**Input data:**

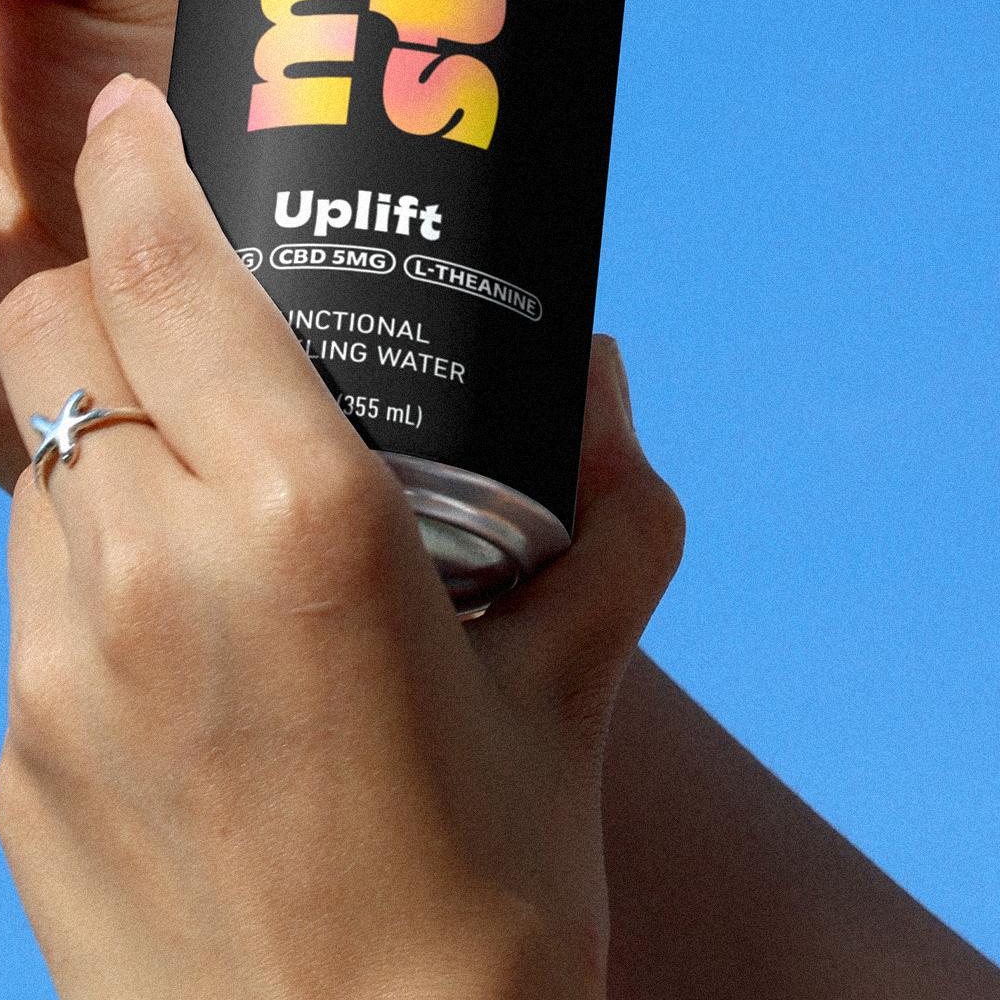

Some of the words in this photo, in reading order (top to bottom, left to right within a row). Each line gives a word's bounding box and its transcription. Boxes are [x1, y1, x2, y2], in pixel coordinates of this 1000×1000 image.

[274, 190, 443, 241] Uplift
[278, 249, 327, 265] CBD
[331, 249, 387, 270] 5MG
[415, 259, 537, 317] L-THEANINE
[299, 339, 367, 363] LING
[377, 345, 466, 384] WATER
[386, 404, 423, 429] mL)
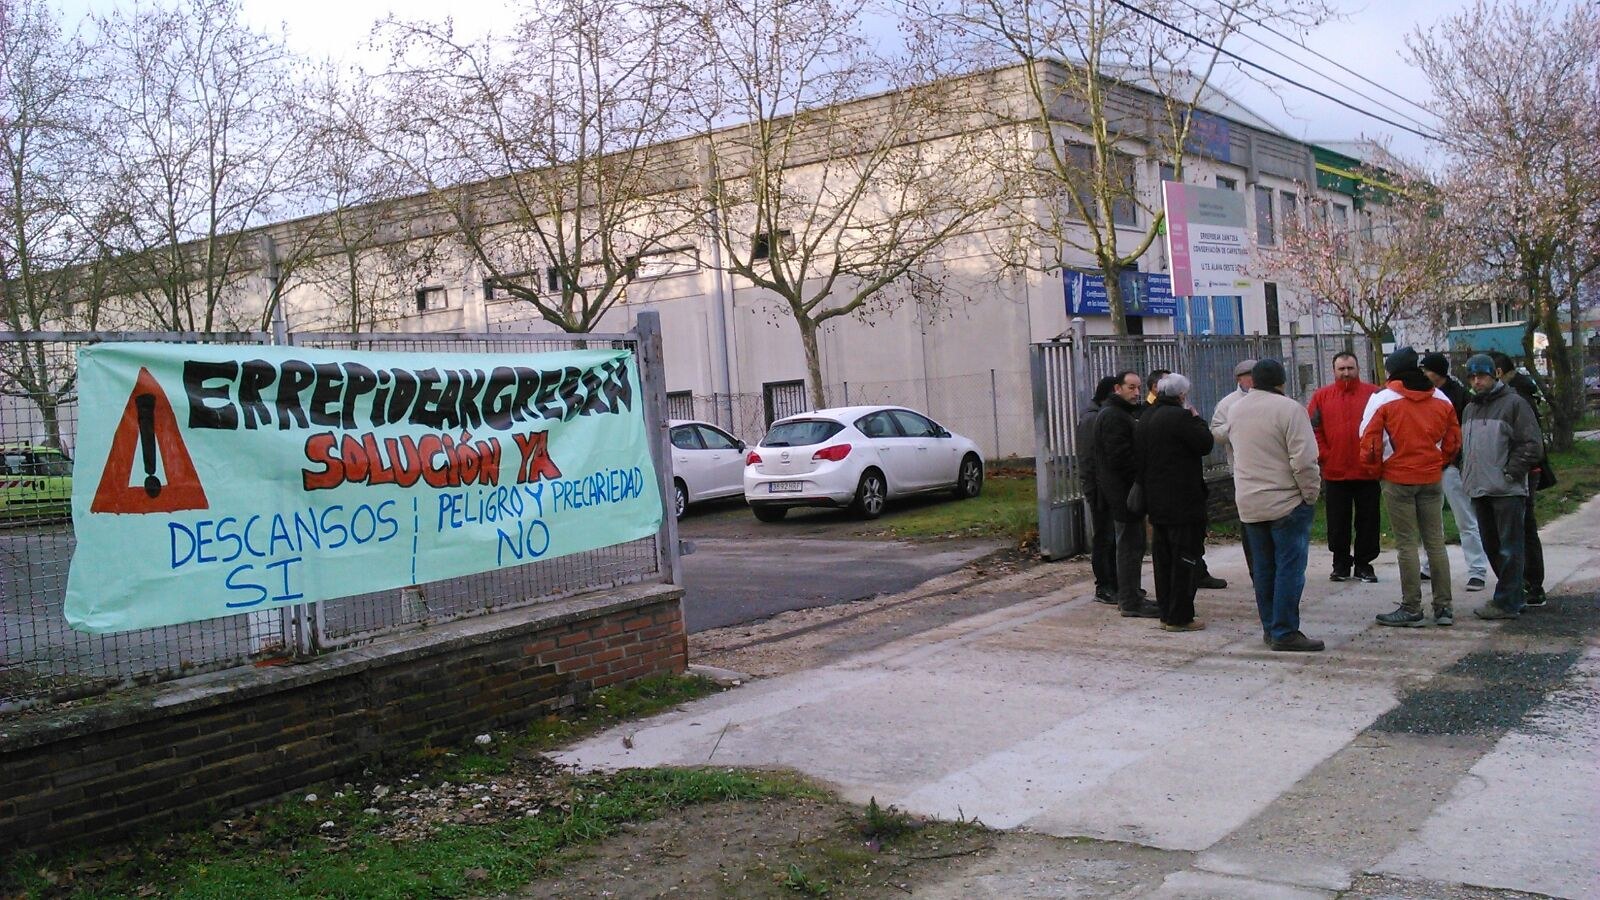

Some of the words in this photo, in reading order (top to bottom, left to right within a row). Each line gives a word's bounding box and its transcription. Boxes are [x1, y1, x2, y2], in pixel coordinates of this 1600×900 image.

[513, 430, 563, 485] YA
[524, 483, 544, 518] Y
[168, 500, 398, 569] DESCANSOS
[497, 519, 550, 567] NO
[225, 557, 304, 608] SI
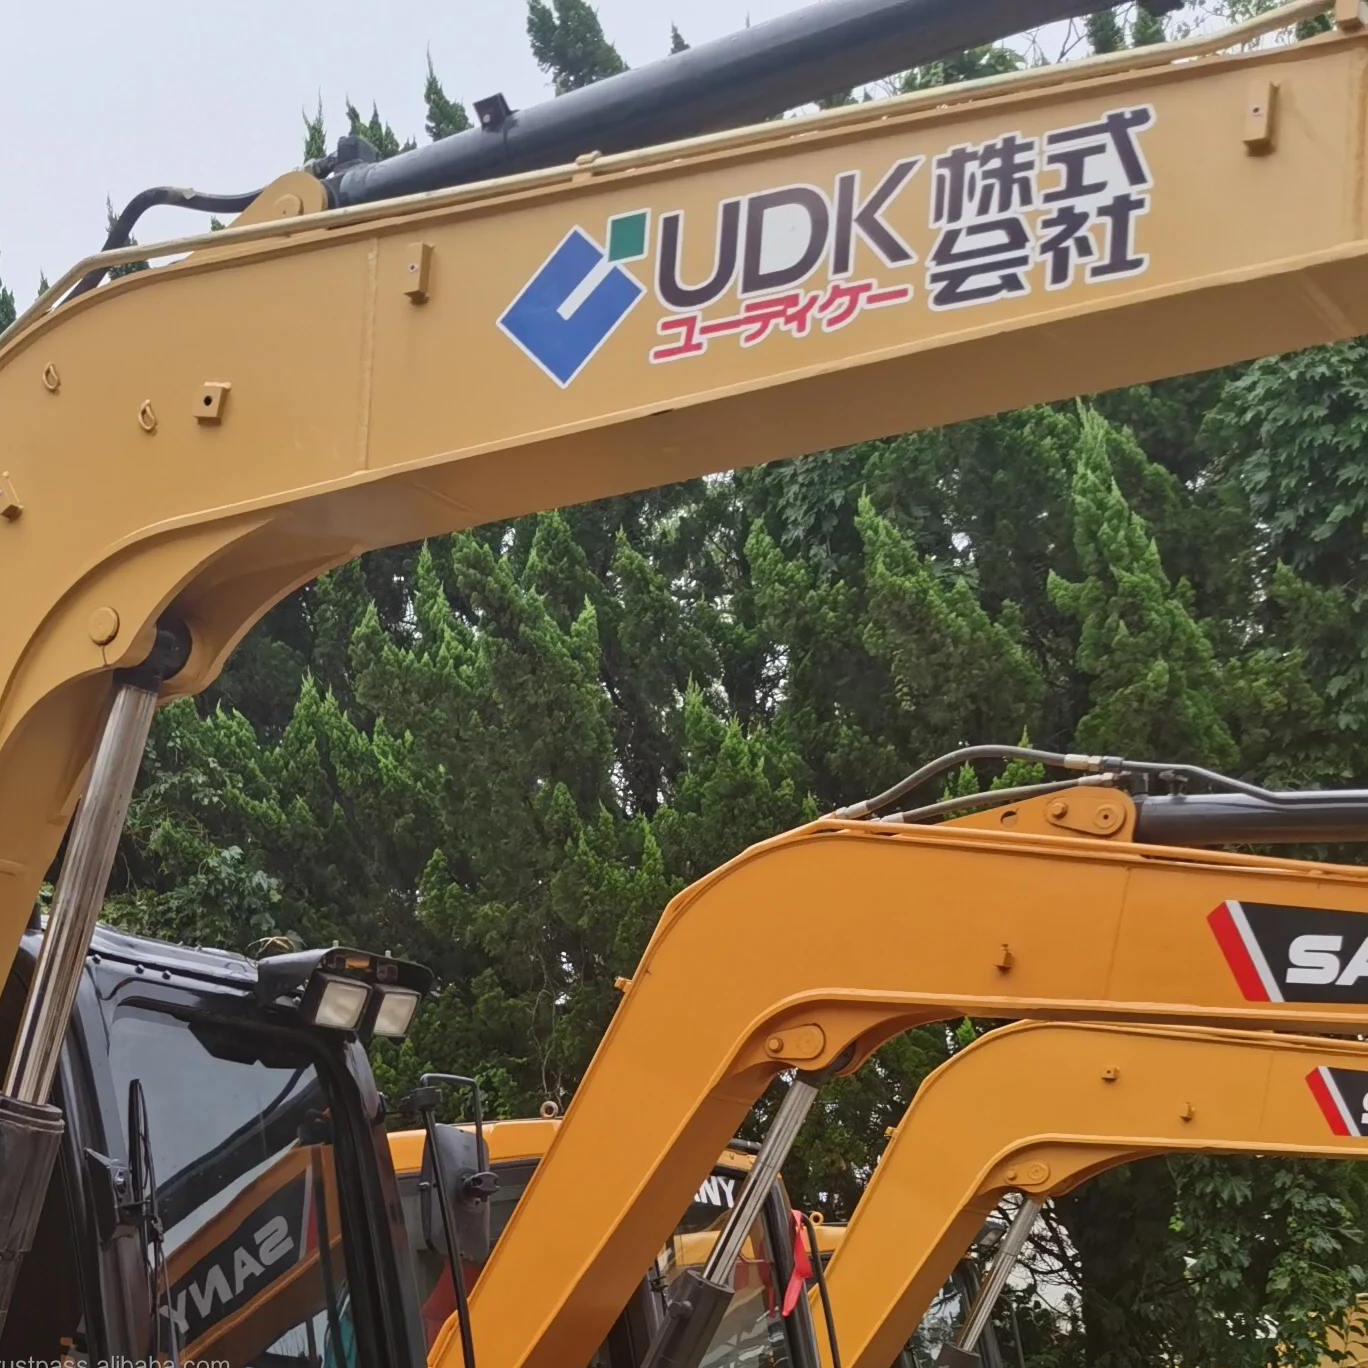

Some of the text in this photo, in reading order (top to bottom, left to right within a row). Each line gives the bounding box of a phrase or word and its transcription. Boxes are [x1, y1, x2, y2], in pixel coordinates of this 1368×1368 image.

...

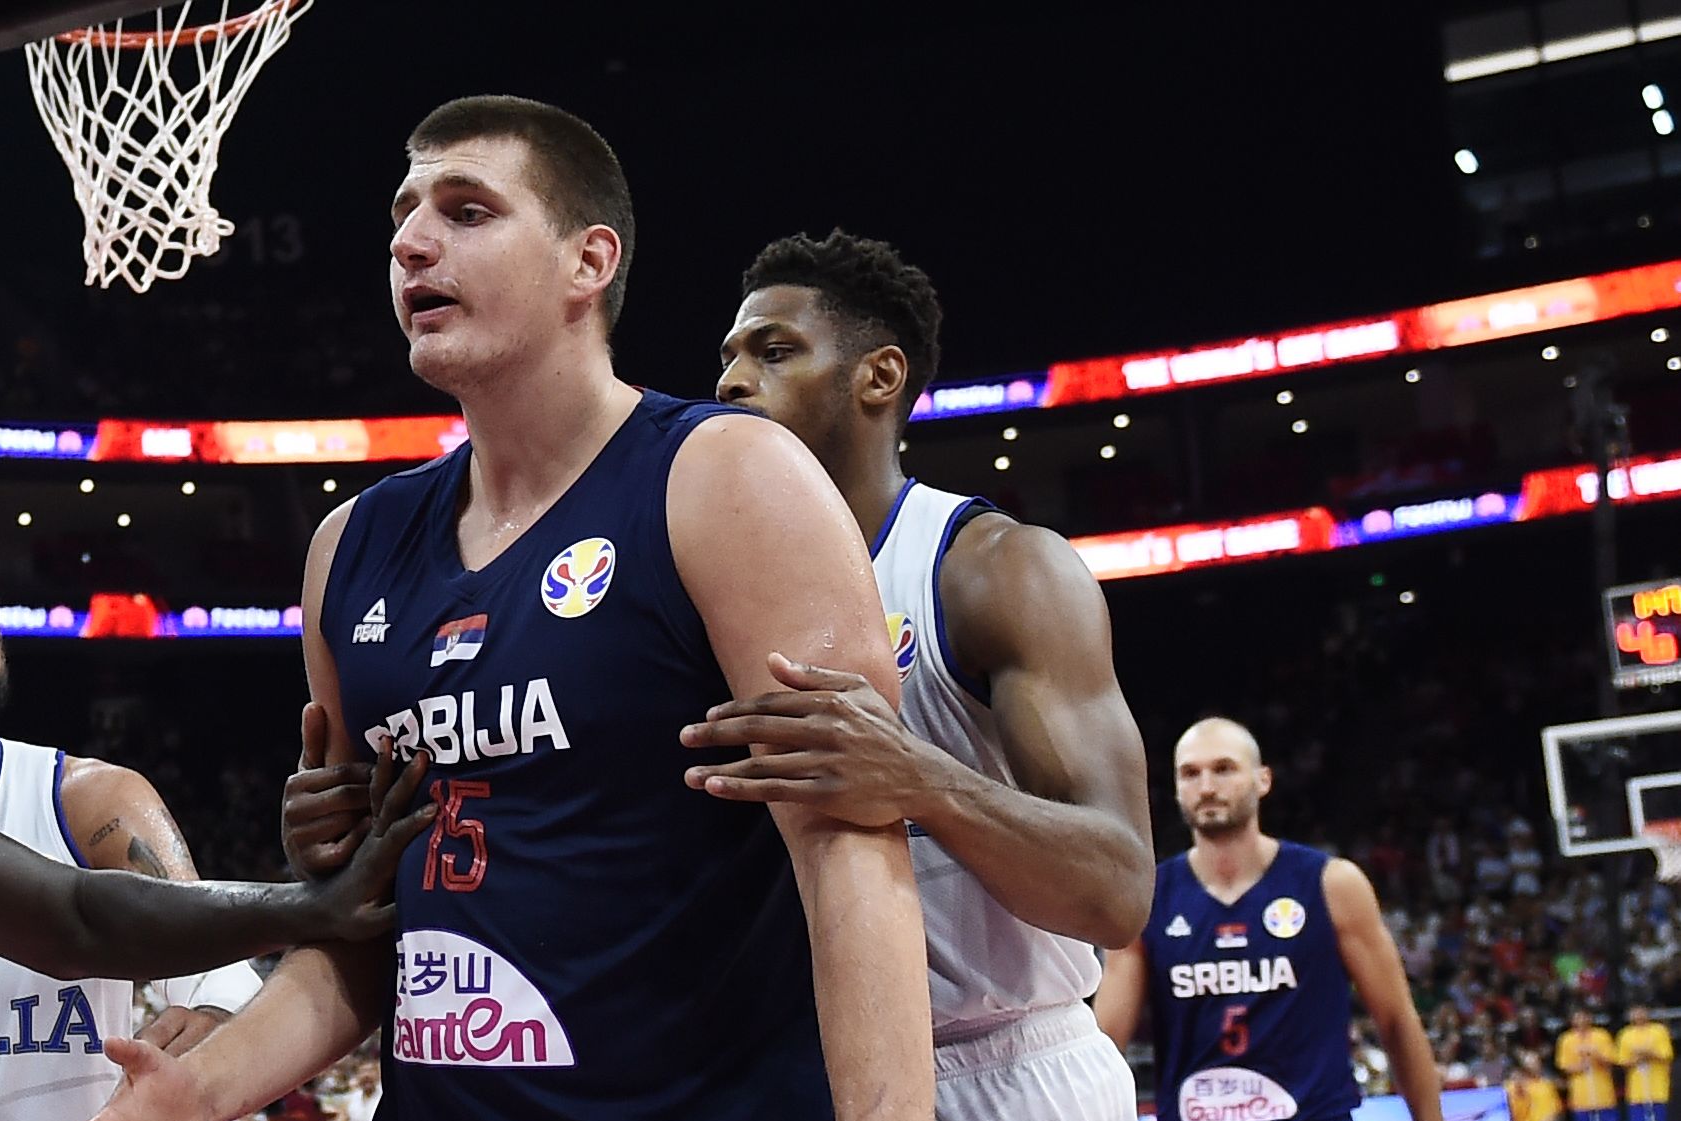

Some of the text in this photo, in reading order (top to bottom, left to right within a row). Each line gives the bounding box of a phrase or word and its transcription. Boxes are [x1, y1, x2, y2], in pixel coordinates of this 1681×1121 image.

**Exercise goal:** Lines that hold "phrase" are the ones to copy, so pick each out from the data.

**Problem solution:**
Some of the text in this photo, in reading order (top to bottom, left to right within a row). Each line gives the bounding box of a phrase or word and its transcription. Boxes are [x1, y1, x2, y2], in pixel coordinates of this 1368×1368 image.
Some of the text in this photo, in reading order (top to bottom, left to right within a row). Each line gives the bounding box of a phrase or word and its transcription. Boxes are [x1, y1, x2, y2], in pixel coordinates of this 1681×1121 image.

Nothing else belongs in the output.